O'thigger thinks dictatorship is a democracy, and never question the exalted one.

If given the chance, he would have turned us into another Cuba, land of his hero.

"to hell with Fidel", oh wait he is already there! This turd should join him.


----------



## sideKahr (Oct 15, 2014)

I once was a news junkie. Now the OFF button is freeing me from the constant buzzkill of politics. It's hard to go cold turkey, though.


----------



## Chipper (Dec 22, 2012)

Fake news is nothing new. Has been going on for centuries as a way to control the sheeple. Sure it has effected history but life goes on.


----------



## dwight55 (Nov 9, 2012)

SOCOM42 said:


> O'thigger thinks dictatorship is a democracy, and never question the exalted one.
> 
> If given the chance, he would have turned us into another Cuba, land of his hero.
> 
> "to hell with Fidel", oh wait he is already there! This turd should join him.


Did you know this, Socom?

May God bless,
Dwight


----------



## Camel923 (Aug 13, 2014)

Fake news goes with fake birth certificates.


----------



## RedLion (Sep 23, 2015)

You think that you hear the loser fascist whine now, just wait and see. Word from Trump and Spicer (press sec) is that Trump is going to give pres credentials and access to Bloggers, talk radio hosts and other "non-main stream" media. Great move in my opinion. Also going to give access to a few hundred folks at a time versus the 50 or so that Barry gave in the White house.


----------



## Prepared One (Nov 5, 2014)

Denton said:


> He is too egotistical to go quietly into the night.

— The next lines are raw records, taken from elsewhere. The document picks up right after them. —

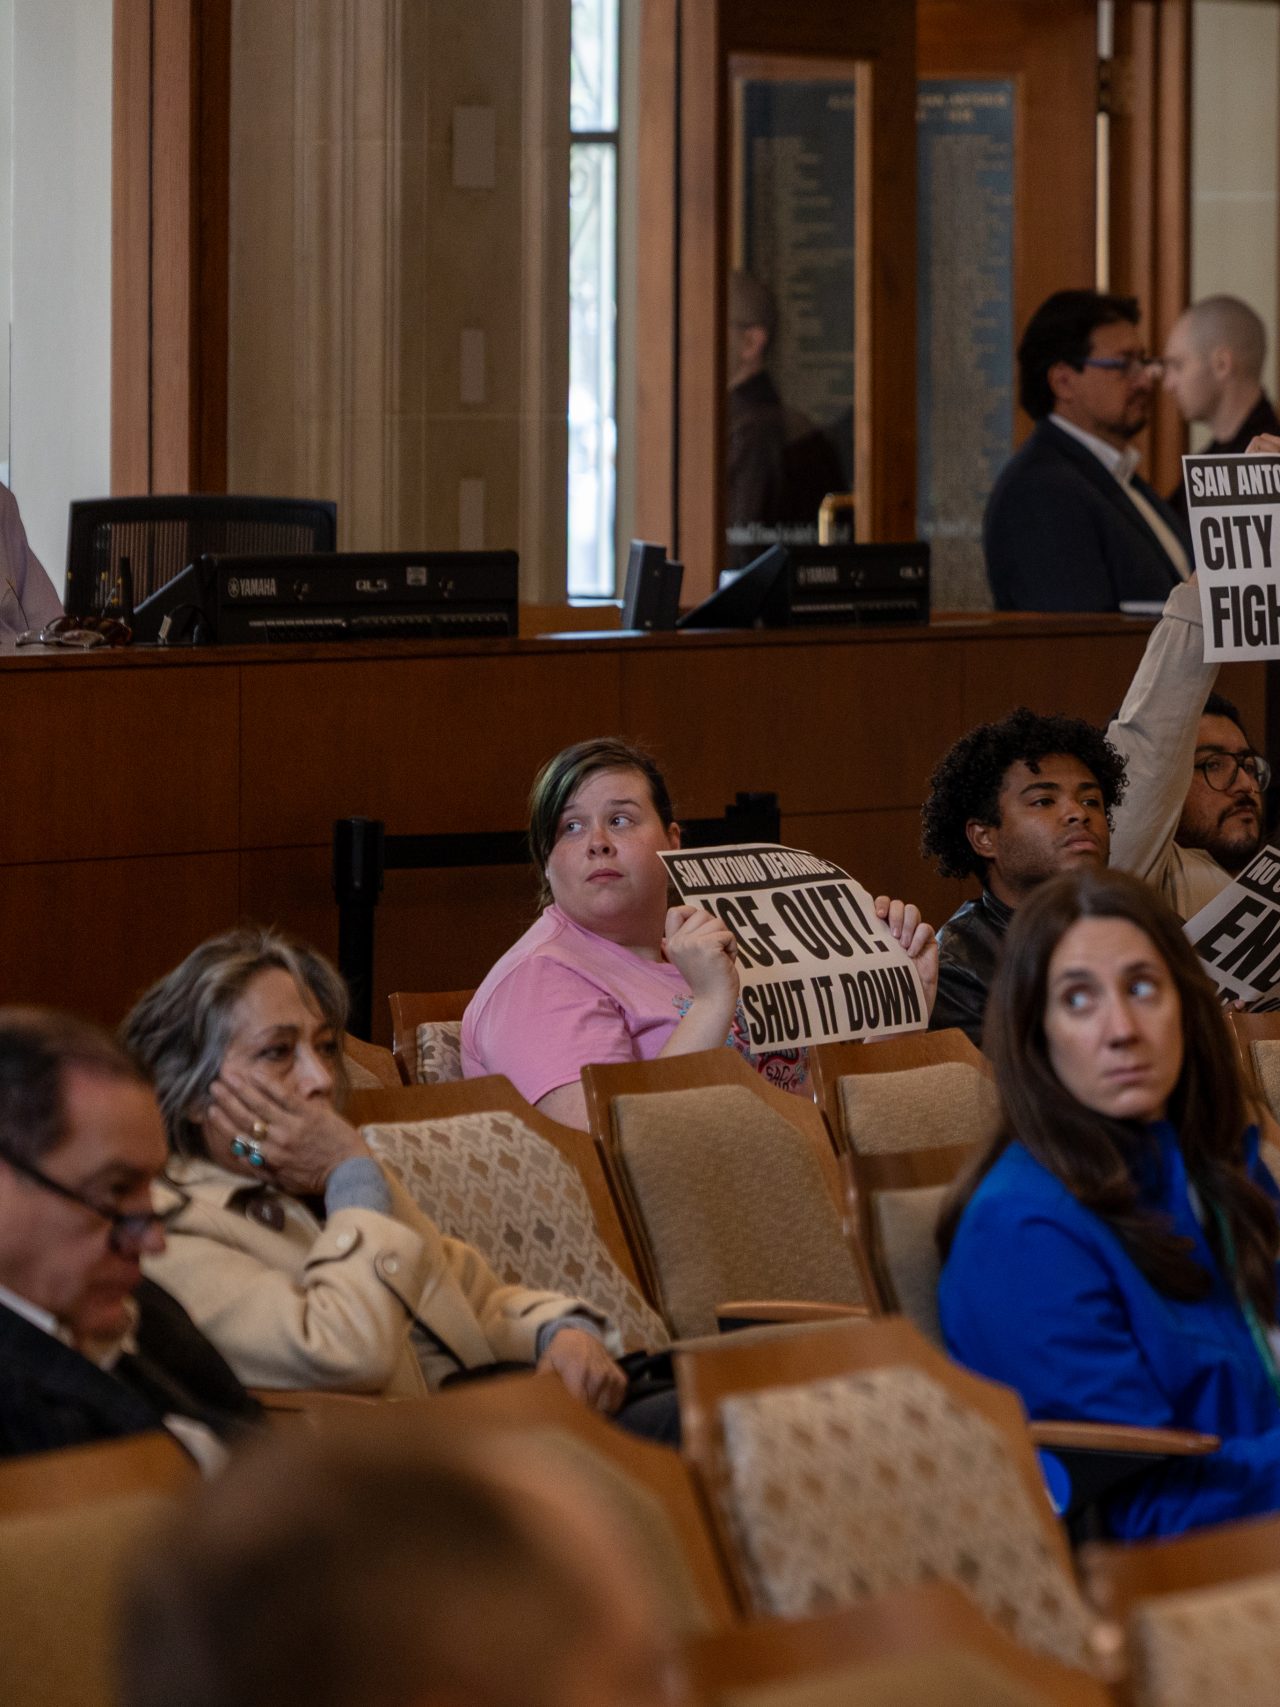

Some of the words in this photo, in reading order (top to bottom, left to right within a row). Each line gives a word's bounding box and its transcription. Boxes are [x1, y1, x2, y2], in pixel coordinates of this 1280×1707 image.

[1190, 466, 1232, 498] SAN
[1200, 514, 1273, 571] CITY
[239, 577, 277, 597] YAMAHA
[673, 857, 707, 889] SAN
[706, 854, 766, 886] ANTONIO
[771, 883, 891, 961] OUT!
[742, 979, 813, 1046] SHUT
[810, 975, 839, 1036] IT
[838, 965, 922, 1032] DOWN

Make no mistake, he recognizes reality perfectly well and I believe he absolutely has no intentions of going quietly into the night. He thinks way to much of himself for that.


----------



## RedLion (Sep 23, 2015)

> Talk radio hosts and bloggers could be invited to official White House press briefings once the Trump administration takes office, under a highly irregular proposal being floated that may also remove briefings from the West Wing.
> 
> Trump's pick for White House press secretary, Sean Spicer, said on Sunday that due to "off the chart" interest in the new administration, the president-elect was considering moving briefings from the James S Brady press briefing room, which has been used by presidents to address the media since 1970, to a venue with a greater capacity.
> 
> ...


https://www.theguardian.com/us-news/2017/jan/15/white-house-press-briefings-talk-radio-bloggers-trump


----------



## dwight55 (Nov 9, 2012)

Prepared One said:


> Make no mistake, he recognizes reality perfectly well and I believe he absolutely has no intentions of going quietly into the night. He thinks way to much of himself for that.

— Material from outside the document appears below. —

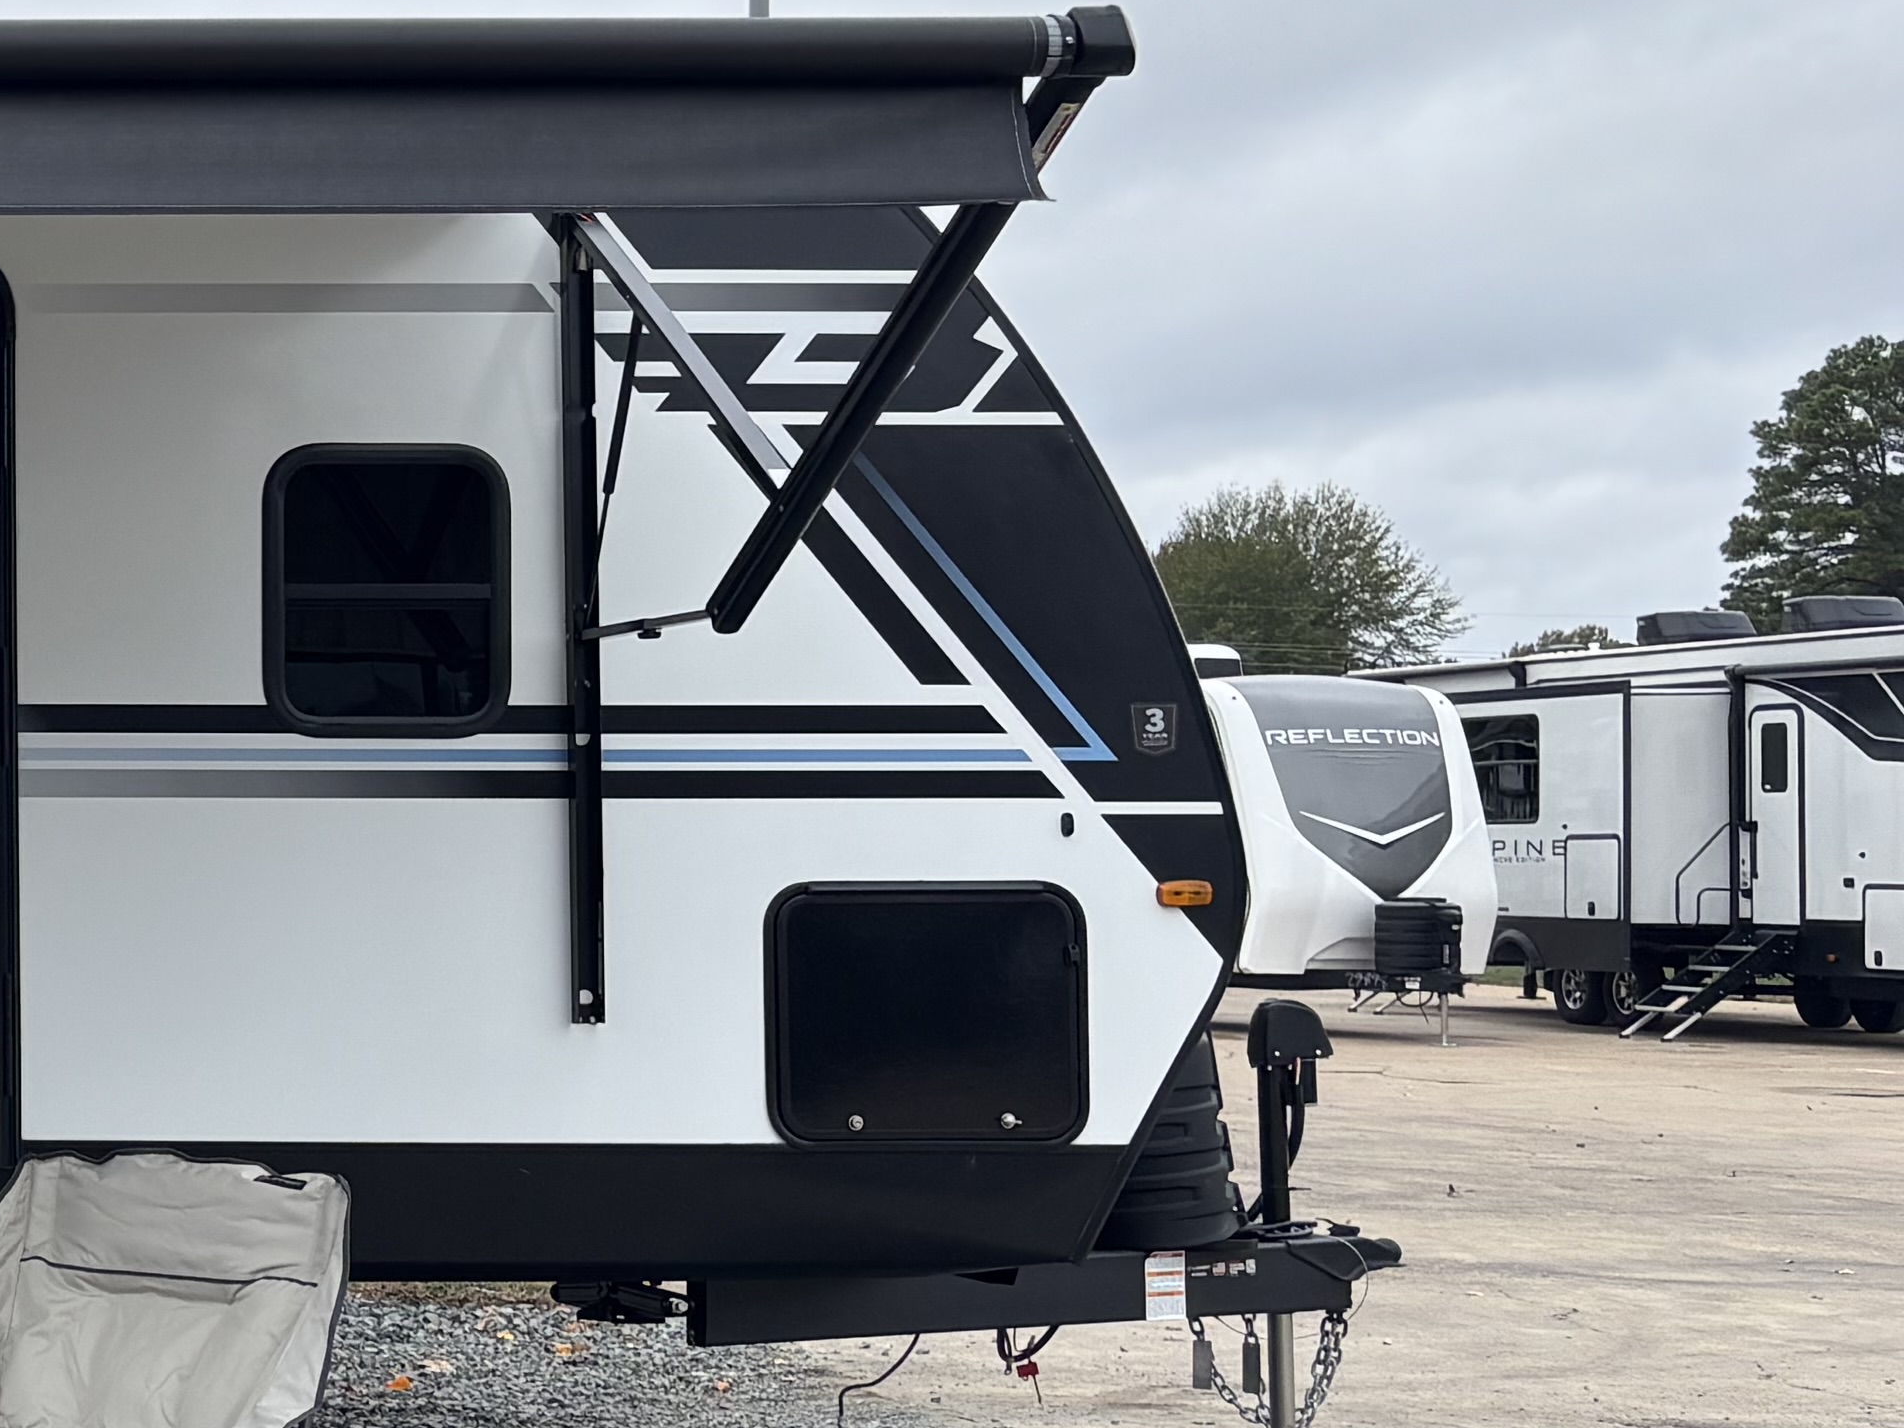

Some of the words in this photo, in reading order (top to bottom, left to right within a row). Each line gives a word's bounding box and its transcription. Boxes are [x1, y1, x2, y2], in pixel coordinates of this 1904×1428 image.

[1144, 707, 1165, 733] 3
[1264, 728, 1440, 746] REFLECTION
[1492, 839, 1567, 857] PINE

Well, . . . I'm not sure either of us is 100% right, . . . but I also don think that that misfeasanced, malfeasanced, malcontent could find reality if it was in a 12 oz bottle with a twist off lid and a red and white label saying "Reality".

He spends too much time in front of the mirror, . . . or in front of his porch monkeys who act like mirrors telling him what he wants to hear.

He still hasn't figured out that it was his policies that canned his idea line, . . . and sunk the rusty old Hildaboat.

He's still blaming Rush baby for stopping all his "wonderful" ideas by threatening the GOP folks with bad radio press.

He's washed up, . . . but is in denial.

May God bless,
Dwight


----------



## Maol9 (Mar 20, 2015)

Denton said:


> I'm not sure if he is trying to spin reality or if he simply doesn't recognize reality.


Spin City Baby, Big Time!


----------



## Joe (Nov 1, 2016)

Amen Why can't he just admit defeat and go back to Chicago and shut up.


----------



## Sasquatch (Dec 12, 2014)

TG said:


> Loooooongest farewell ever


----------



## Economic Survivalist (Dec 21, 2016)

sideKahr said:


> I once was a news junkie. Now the OFF button is freeing me from the constant buzzkill of politics. It's hard to go cold turkey, though.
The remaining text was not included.